到东海岸去寻找故乡
2011-09-21 17:43:48
来源:星星生活

星星生活编者按:移民加拿大久了之后,外出旅行,再也不是走马观花地赶集式观光游。DIY方式的自由旅行,成为更多人的选择。每一次旅途,那些陌生却新鲜的元素,正是我们追求的体验。一句和陌生人的闲聊,一种风景生出的感动,甚至是旅途中碰上困难的插曲,之后回想起来都成为心中柔软珍贵的记忆,丁丽茹的这篇旅行日记,用文字纪录了到东海岸之行的真实点滴……

(星星生活专稿/丁丽茹)虽是万物凋零的深秋,记忆却还象爱德华王子岛(Prince Edward’s Island)上那片连着天的油菜花一样新鲜,那是一段为解乡愁而作的旅行。

在异国的多伦多安下家之后,已经有十年没见过故乡的海了。虽然安大略湖上的鸟儿也会在浅紫色的黄昏斜排成“一”字轻掠水面,湖上的白帆也如旗帜一般稳稳地插在天水之间,人却总嫌这一切太过温文尔雅,缺了些宝石蓝的海浪摔向高崖的轰鸣,少了点海风掀动衣裙时那略带腥气与潮湿的味道。望着静得象只睡猫一样的湖面,品着思乡的滋味,它象海水一样是咸涩的。

无奈多少年来只有今年一个礼拜的时间真正地属于自己,已经是去不得辽西看海了。于是在七月里一个有阳光的下午和先生一起打理行装,收拾好心情,搭上飞机,到东海岸去,到异乡去寻找故乡。

东游记之一:初到哈里法斯

只消把右手悄悄地交到先生的左手里,再打一个盹儿的功夫就到了此行的第一站Nova Scotia 省的首府–哈里法斯(Halifax)。等拿好行李,办好租车手续之后已经是夜里十一点了,照租车公司的人所指的方向,在停车场里找到那台亮蓝色的小车的时候,她正滴着水珠,看来是沐浴之后等着我们这两个新旅伴。我们于是出了华灯闪耀的机场,准备奔往今夜的家–马格丽特湾(St.Margaret Bay)里的“海风”汽车旅馆。可刚上了2号高速公路,人鼻子上的肌肉都收紧了,原来天地之大,只剩下我们俩和我们的小车。夜,象穿着黑纱的幽灵,在车灯前的一小簇光亮中游荡着。紧张之际,根本没来得及看天上是否有月亮或者星星。待我们稍稍习惯了在黑暗里行进之后,我说,此刻多伦多机场外的401号公路应正欢腾在车流灯海中,而这里仿佛是另外一个寂静的星球。

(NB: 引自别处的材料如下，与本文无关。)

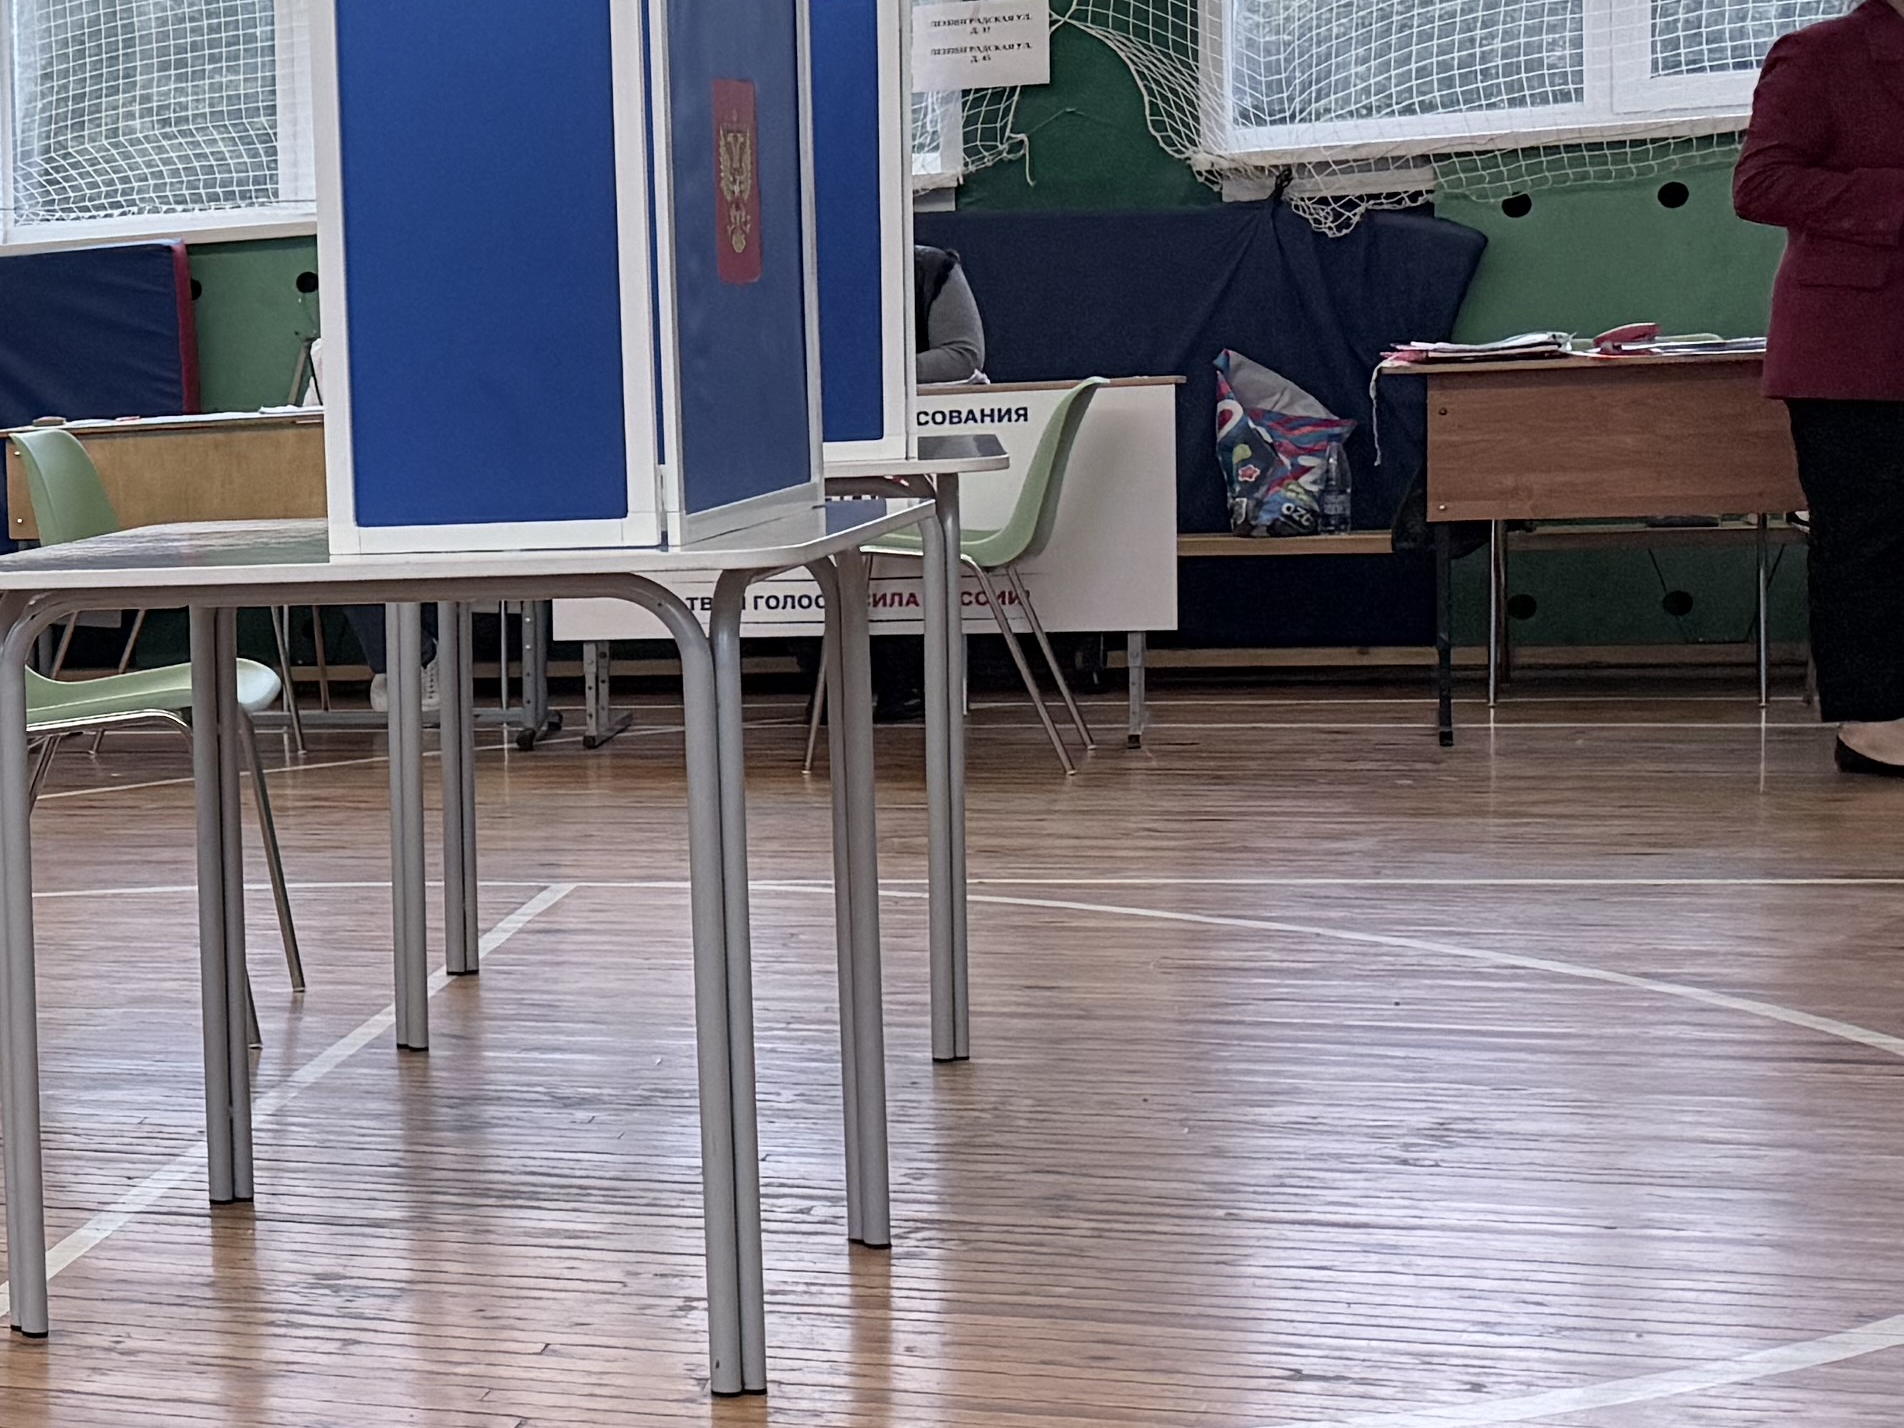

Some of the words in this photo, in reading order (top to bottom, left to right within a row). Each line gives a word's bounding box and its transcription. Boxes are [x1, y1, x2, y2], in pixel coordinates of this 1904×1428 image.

[916, 406, 1029, 426] СОВАНИЯ
[753, 594, 825, 611] ГОЛОС
[867, 592, 920, 609] ИЛА

按旅馆所提供的网上地图,下了2号高速,上213乡间公路,再右转上3号路就可以到达我们的目的地了。可我们却一直没找到要转弯的路口,最后还糊里糊涂地开进了一个象工厂似的地方–彻底地迷路了。此时,胸口里象被掏空之后,又挂了条装满石头的灰布袋子,很沉很重。

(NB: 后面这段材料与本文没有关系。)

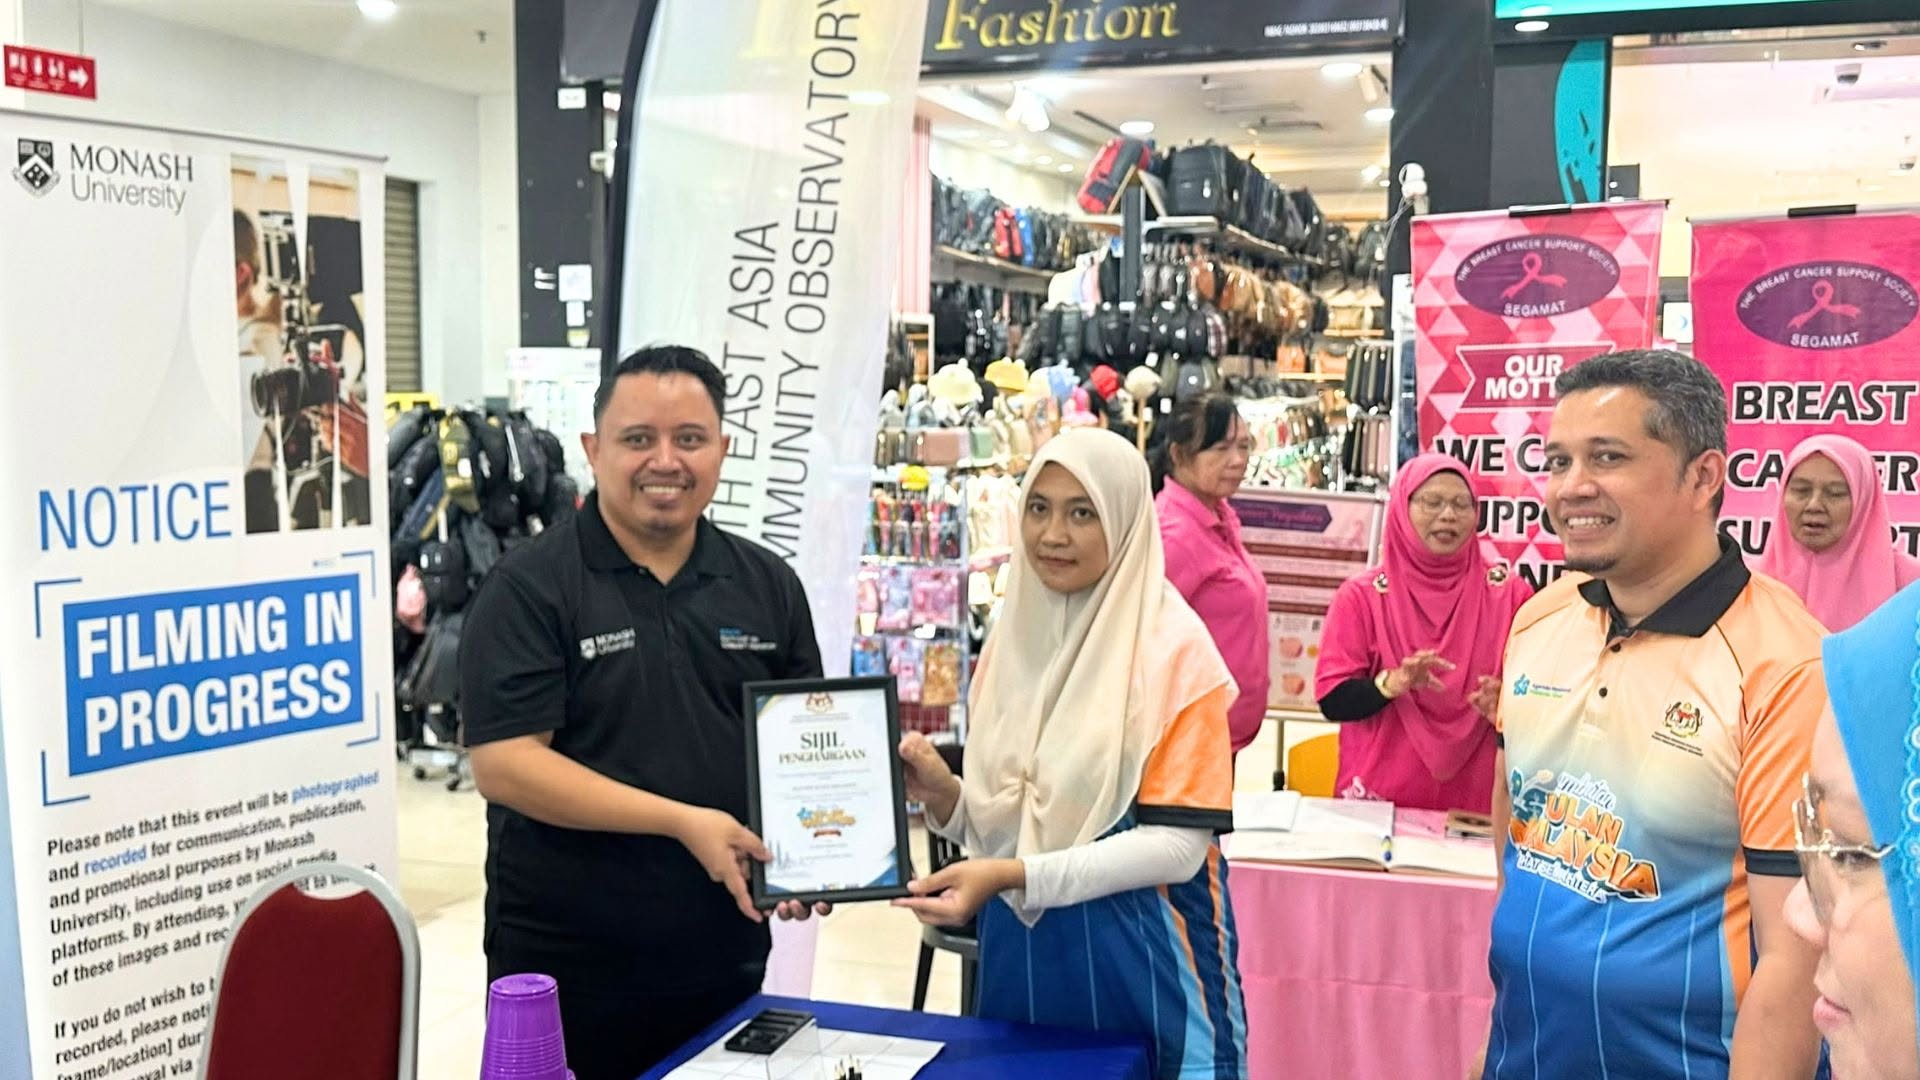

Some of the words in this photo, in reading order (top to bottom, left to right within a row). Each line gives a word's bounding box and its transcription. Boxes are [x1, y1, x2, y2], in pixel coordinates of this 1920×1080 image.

[934, 0, 1180, 50] Fashion
[70, 143, 194, 182] MONASH
[785, 0, 861, 333] OBSERVATOR
[70, 173, 187, 216] University
[1505, 238, 1541, 252] CANCER
[1544, 239, 1586, 252] SUPPORT
[728, 221, 779, 330] ASIA
[1755, 271, 1790, 294] BREAST
[1794, 266, 1833, 279] CANCER
[1837, 266, 1881, 282] SUPPORT
[1883, 277, 1918, 307] SOCIETY
[1504, 300, 1567, 318] SEGAMAT
[1791, 331, 1860, 348] SEGAMAT
[1485, 376, 1558, 400] MOTT
[1504, 354, 1564, 378] OUR
[1733, 384, 1917, 422] BREAST
[761, 350, 819, 561] MMUNITY
[38, 480, 232, 552] NOTICE
[77, 596, 288, 680] FILMING
[304, 589, 353, 647] IN
[84, 658, 352, 757] PROGRESS
[800, 731, 845, 750] SIJIL
[48, 834, 101, 856] Please
[105, 825, 134, 844] note
[139, 816, 167, 835] that
[172, 809, 200, 828] this
[205, 801, 243, 821] event
[247, 793, 269, 811] will
[273, 790, 289, 806] be
[48, 861, 80, 883] and
[84, 845, 147, 875] recorded
[151, 841, 171, 859] for
[49, 887, 80, 909] and
[85, 863, 171, 904] promotional
[175, 851, 241, 880] purposes
[245, 846, 260, 861] by
[264, 830, 316, 855] Monash
[51, 902, 132, 935] University,
[135, 883, 203, 912] including
[207, 877, 233, 894] use
[236, 873, 252, 887] on
[51, 929, 129, 965] platforms.
[133, 922, 150, 939] By
[155, 904, 230, 933] attending,
[52, 968, 69, 987] of
[74, 960, 114, 982] these
[117, 943, 169, 968] images
[173, 933, 201, 952] and
[54, 1021, 67, 1039] If
[71, 1014, 99, 1038] you
[103, 1007, 121, 1025] do
[124, 997, 147, 1017] not
[150, 984, 186, 1008] wish
[190, 980, 205, 997] to
[55, 1028, 128, 1065] recorded,
[131, 1013, 178, 1043] please
[182, 1002, 212, 1022] noti
[170, 1057, 193, 1077] via

漫无方向地开出死胡同之后,我们终于见到一样熟悉的东西–警车。路旁,一辆警车正同一辆旅行车里的人说着什么。人下了车,手在眼睛上搭起凉蓬,在刺眼的红蓝两色的灯光中找到警察问路。警察说,很简单,再往前开六七公里就到了。回到车里,长出了一口气,在黑夜中继续前行。偶尔路旁会有一片光晕晃荡着。想必那就是海了。

待到了旅馆,守夜的老人说,如果再过五分钟我们还没到,他就准备睡觉去了。昏黄的灯光中找到自己的屋子,把车停在门前的小松树下,就一头扎到床上。屋子里静得可以听到飞机降落时引起的耳鸣。还没来得及想今天走的路到底有些什么意思,人就沉沉地睡去了。

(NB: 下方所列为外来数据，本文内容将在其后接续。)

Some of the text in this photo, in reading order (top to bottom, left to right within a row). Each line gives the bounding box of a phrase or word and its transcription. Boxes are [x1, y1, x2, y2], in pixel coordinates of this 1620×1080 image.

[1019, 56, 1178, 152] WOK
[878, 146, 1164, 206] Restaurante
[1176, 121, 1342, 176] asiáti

第二天早晨,当一线阳光从窗帘的缝隙中挤进来的时候,人翻身下床,趿拉着脱鞋就冲出门外,踏着草地上的露水,一边跑一边拼命的吸气,是了,就是他了,就是海草依偎着阳光时那又润又甜的味道!可是,待转过一间小屋子,人却不禁停下了脚步–呈现在眼前的不是思念了很久的滚在沙滩上的千年堆雪,耳边也没有 波涛拍打礁石的咆哮声,只有细碎的浪花象一张张半露着的脸从容地涌来,吻了吻岸边的石子后就叹息着散落开去。仿佛在诉说着太阳、月亮和地球几万年来的相吸与纠葛。坐在海边的椅子上向远处望去,缭绕着薄雾的晨光里,几座黛青色的小山散淡地环着海水,微风吹过,一阵香气在头上拍了一下就飘走了,原来,不远处一株齐肩高的野玫瑰正自顾自地开着,几颗老去的花瓣在枝头上欲坠还休。一时间,人有些恍惚,偏着头在那想,我曾来过这里吗?无可奈何花落去,可那似曾相识的归来者该是谁呢?

东游记之二:佩姬湾的舞者

薄雾渐渐散去,天晴了,风起了。转回头梳洗之后,我们就开赴游览圣地–佩姬湾(Peggy’s Cove)。

据说,三亿五千万年前,佩姬湾地区由于地壳运动,地下的岩溶物质被推上地面,凝固后变成石灰岩。所以这里的岩石不是尖利而是圆滑的,后来由于冰川南下又北去,将地表的植物和土壤带走,并在裸露的石灰岩上刮出一道道伤痕,还丢下象碾子那么大的鹅卵石。而二百年前,六家德国移民在这里定居,他们的后代至今还在这片祖辈留下来的地方打鱼放牧。

关于佩姬湾这个名字的由来,有这样一个传说,曾经有一条外来的渔船在这里触礁,船上唯一的幸存者是一个小姑娘,人们纷纷跑到海边去救她,并称她为“海湾里的佩姬”,最后把小村的名字也改为佩姬湾。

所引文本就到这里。